右手も音数の多い和音(3音ないし4音)でメロディを歌うので、Hさんのように、それほど手の大きさに余裕がない方にとっては、なかなか手強い部分です。両手で同時に弾くとさらに大変さが倍増するのは目に見えていたので、とりあえず片手づつ、どうすれば楽に弾けるかを探してみることにしました。
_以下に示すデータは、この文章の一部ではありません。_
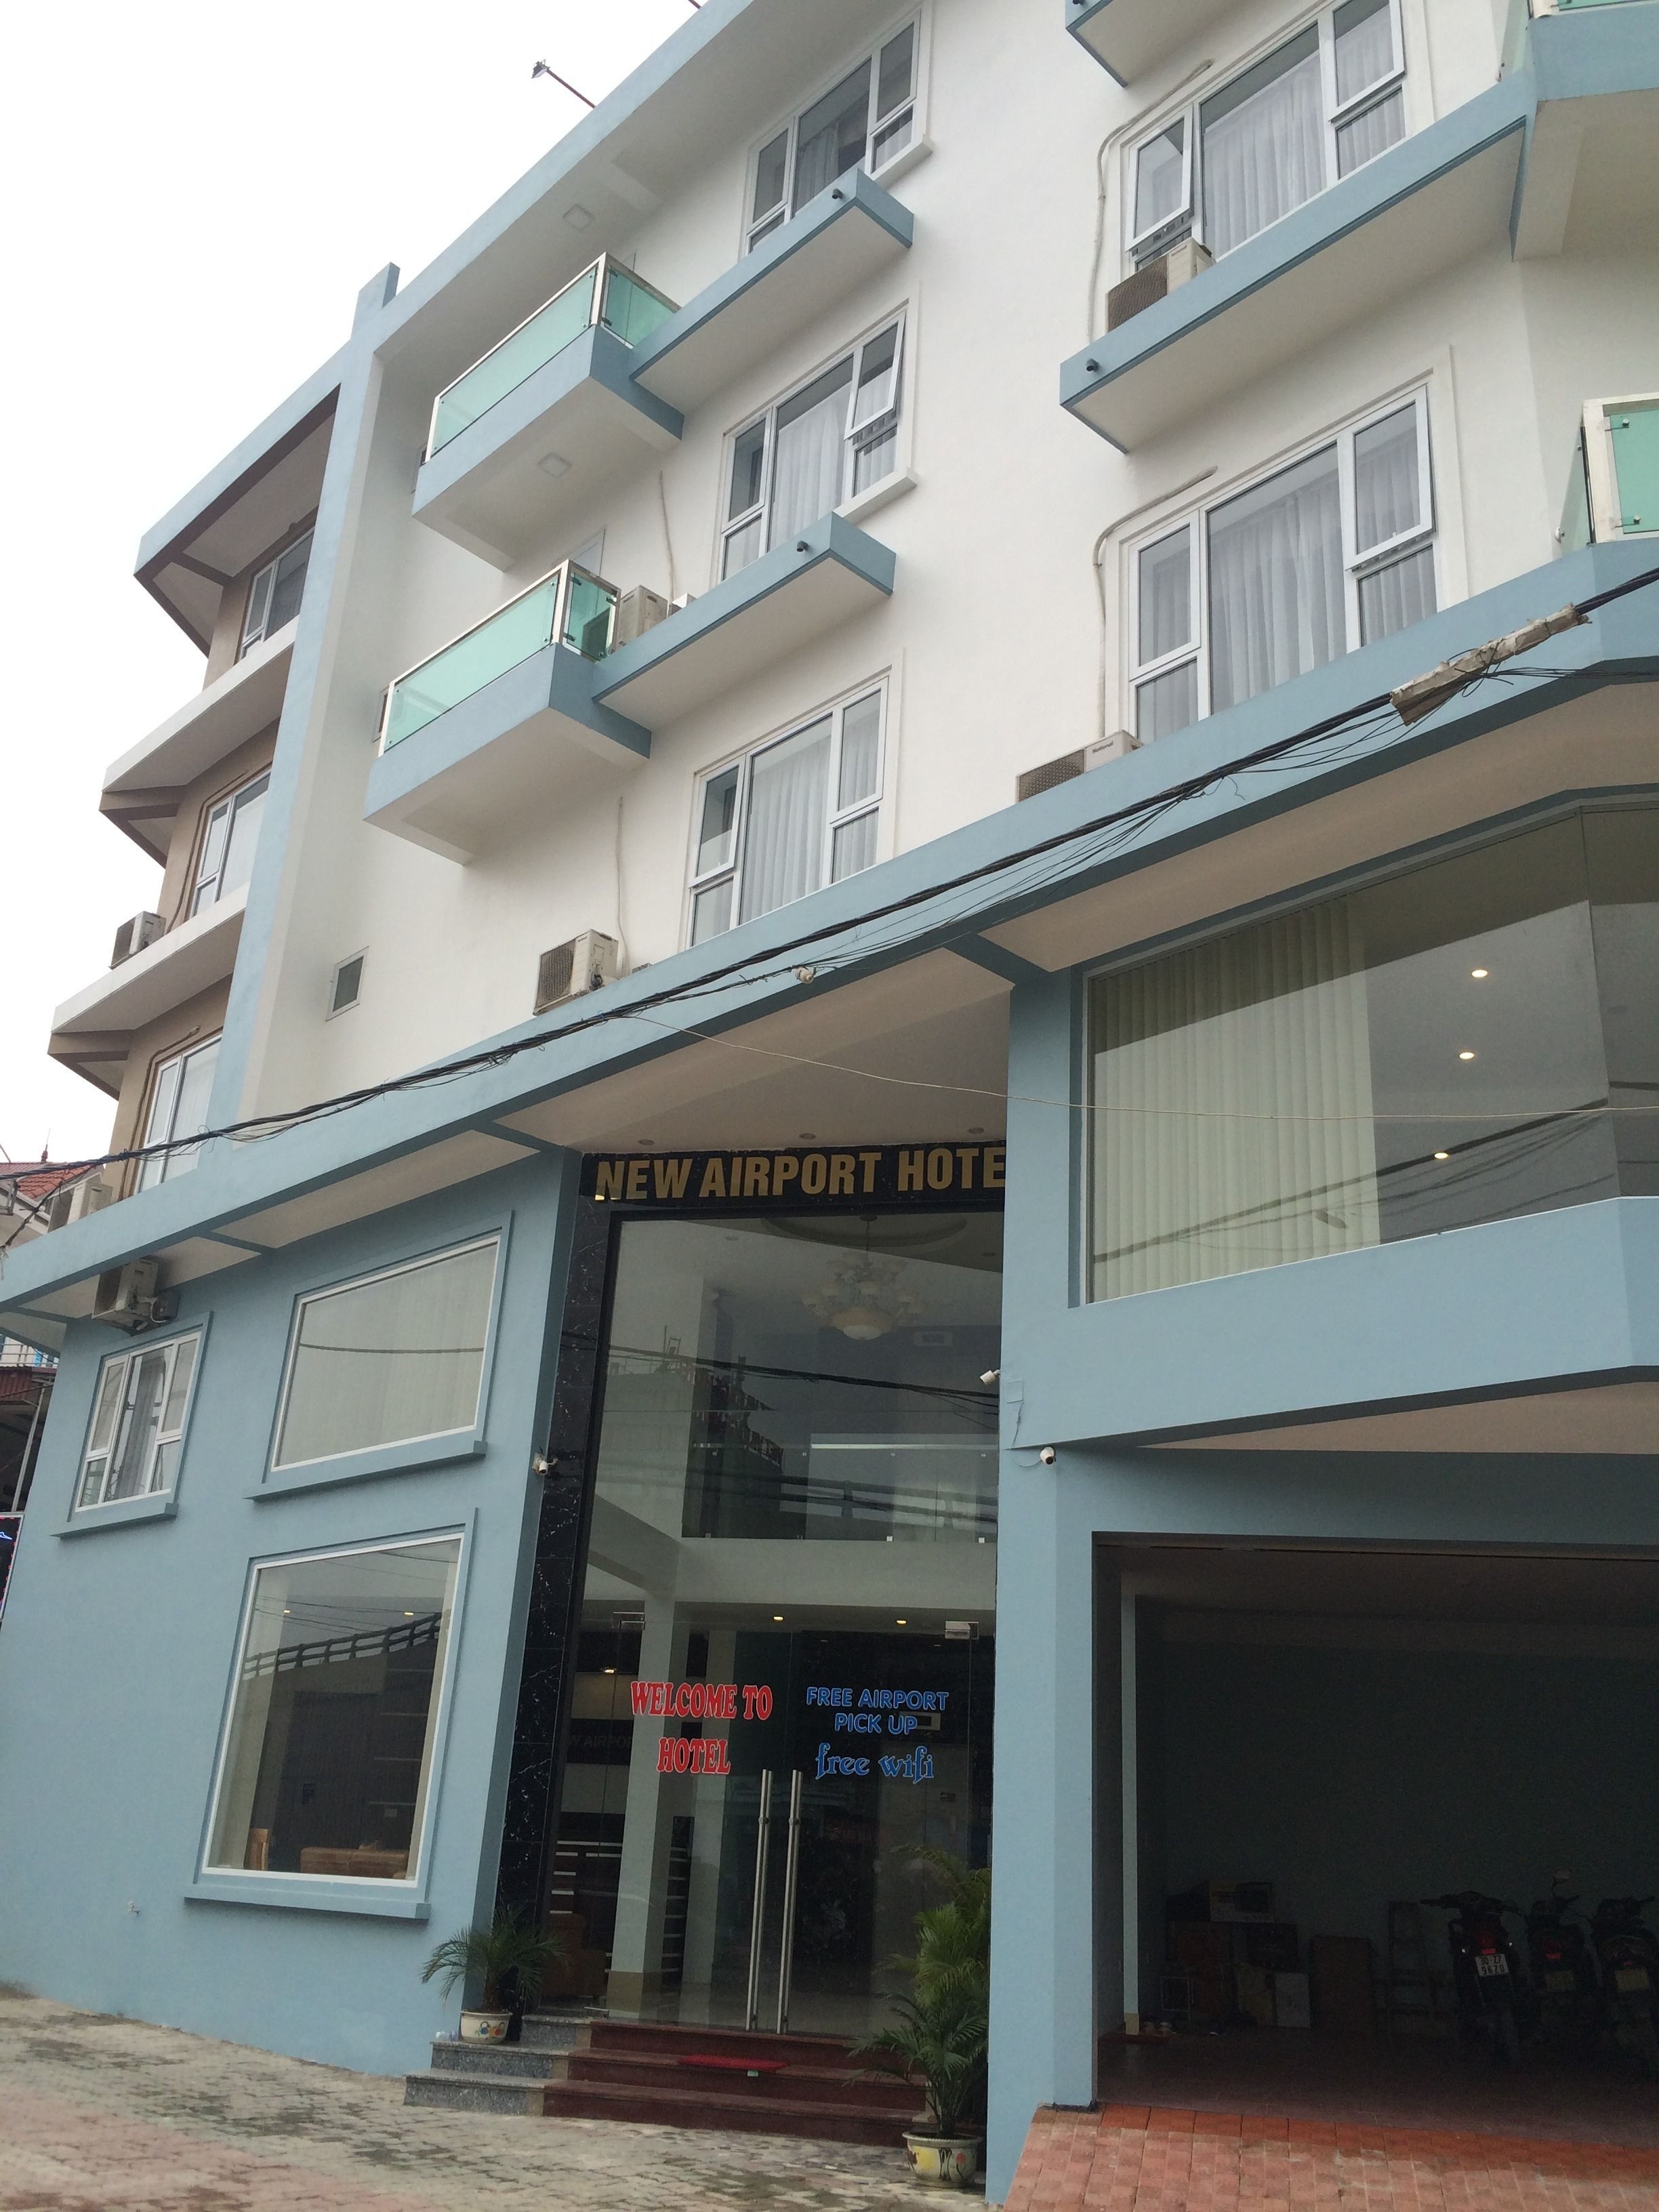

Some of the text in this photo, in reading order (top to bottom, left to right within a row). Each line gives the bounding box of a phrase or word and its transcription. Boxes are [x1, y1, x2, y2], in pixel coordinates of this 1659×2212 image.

実は以前から私が個人的に気になっていた事と、たまたまHさんが自己申告してくださったこの箇所がつながって、改めて考えさせられました。

指くぐり?指またぎ?指越え?

音域の広い音階やアルペジオを弾く際に、片手につき5本しか指がないので、それを越える部分は何らかの方法でカバーしなくてはいけません。ピアノ初心者は最初1〜5本の指で弾ける範囲の練習からスタートし、徐々にカバーできる音域を広げていきます。
そのはじめの一歩の技術として【指くぐり】【指またぎ】【指越え】を習うのです。

私も小さい頃この方式で教わっていると思います(すっかり忘れている)
物心ついてからは、この動かし方というより、音が凸凹しないように気をつけて弾くよう注意されたのは覚えています。それから、あまり気にせず何となく月日が流れ、自分の生徒さんにも同じようなことを教えつつ、ある時、ふと思いました。「これって何??」

情報を更新する

【指くぐり】【指またぎ】【指越え】という言葉はいつ頃から使われ始めたのでしょう?由来、経緯が気になります。私の手元にあるピアノ演奏法(翻訳本、中上級者向け)6冊には全く出てきません。
初心者の時は一見わかりやすい言葉かもしれませんが、そのまま情報が更新されないと、誤解を生みやすく弊害もあると思います。Hさんの場合はまさにそれでした。

親指の動き+αでスムーズに

親指は自由度の高い指です。手のひらに近づく、離れる動き。人差し指に近づく、離れる動き。それらの組み合わせ。他の四指との位置関係から物を握るときにも大活躍します。
【指くぐり】【指またぎ】【指越え】という時も、このいずれかの動きをしていますが、それだけで、滑らかなアルペジオや音階が弾けるわけではありません。

Hさんのレッスンに戻りましょう。

彼女の弾いている様子を観察して、真っ先に目に入ったのは極端なまでにしっかりとした【指またぎ】【指越え】【指くぐり】でした。その動きをしようとするたび、親指も手全体も緊張して流れが止まってしまうので、その次の準備は当然間に合いません。「ちゃんと指くぐり(指越え)して弾こうと思ってるんですけど」はい、しっかりなさっています。しかしこの箇所では他に優先順位の高いプラスαが必要です。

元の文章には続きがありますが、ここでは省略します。